Appropriately, many in the crowd kicked their way to the gathering on their skateboards. The group of young people, parents and guardians agreed to adopt a new name within minutes of calling the meeting to order and will be known as the Carter County Skateboarding Association

Organizer Andy Tomaselli introduced guests and urged the riders and their supporters to increase their level of organization as they work toward their goal. Carter County Recreation Association President Dolf Fischer displayed an enlarged aerial map of the proposed skateboard park site, causing everyone in the audience to lean forward or stand for a closer view.

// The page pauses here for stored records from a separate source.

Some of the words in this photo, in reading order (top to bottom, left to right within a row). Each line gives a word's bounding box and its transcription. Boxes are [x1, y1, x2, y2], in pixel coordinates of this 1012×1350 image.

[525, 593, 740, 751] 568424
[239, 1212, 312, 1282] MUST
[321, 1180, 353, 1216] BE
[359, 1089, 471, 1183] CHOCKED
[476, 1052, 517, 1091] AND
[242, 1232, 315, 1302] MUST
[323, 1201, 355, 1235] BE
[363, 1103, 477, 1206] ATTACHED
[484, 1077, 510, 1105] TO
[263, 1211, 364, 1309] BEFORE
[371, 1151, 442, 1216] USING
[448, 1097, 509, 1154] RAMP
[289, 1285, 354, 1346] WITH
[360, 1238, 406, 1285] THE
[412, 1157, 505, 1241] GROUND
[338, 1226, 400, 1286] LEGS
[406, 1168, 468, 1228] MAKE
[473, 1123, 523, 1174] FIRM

In response to a question from the crowd, Fischer said the proposed park would be “where the playground burnt” and offered his personal encouragement for the youth and adults to pursue grant funding from sources including the Tony Hawk Foundation. Fischer said the famous skater’s foundation grants up to $25,000 per skateboard park project, and added the proposed park in Grayson seems to meet all criteria for that money.

“You’re perfect for it,” Fischer said, noting qualifying factors including establishment in a low-income area.

The recreation association president also presented a feasibility study provided by State Rep. Robin Webb, which included plans for a “basic, basic, basic” skateboard park with a price tag estimated at more than $69,000. Fischer said it is important for the skateboard park supporters to demonstrate their commitment to city and county officials if they hope to see their plans realized.

“They’ve got to see grassroots support,” he said. “They have to see that you really, really, really want it.”

Tomaselli said the $25,000 maximum, which could be available through the Tony Hawk Foundation, would only be enough “to get the ball rolling,” citing a $350,000 cost to build a skateboard park with no bathrooms or lights in Wheeling, W. Va, $500,000 for a park in Athens, Ohio, and more than a million dollars for a highly-regarded skateboard park in Louisville, which Fischer described as “the coolest place I’ve ever seen.”

Fischer reminded the audience most grants require matching funds or in-kind support, before adding, “I know you can do it.”

Before the meeting began, Stephanie Wilson of Grayson pulled into a parking lot and allowed 12-year-old Alex Tarazon an opportunity to ride his skateboard.

Wilson said she encourages those in Carter County to support the proposed skateboard park, citing the recent loss of activities and locations for young people including a skating rink, a music hall and an arcade as well as a ban on “cruising.”

“I, myself, think we should give them something to do and a place to hang,” Wilson said. “Give them something to do and quit taking all their stuff away from them.”

Wilson said she believes there is a good chance local people and businesses will contribute money to the skateboard park project, citing strong parent and grandparent involvement in school activities such as athletics.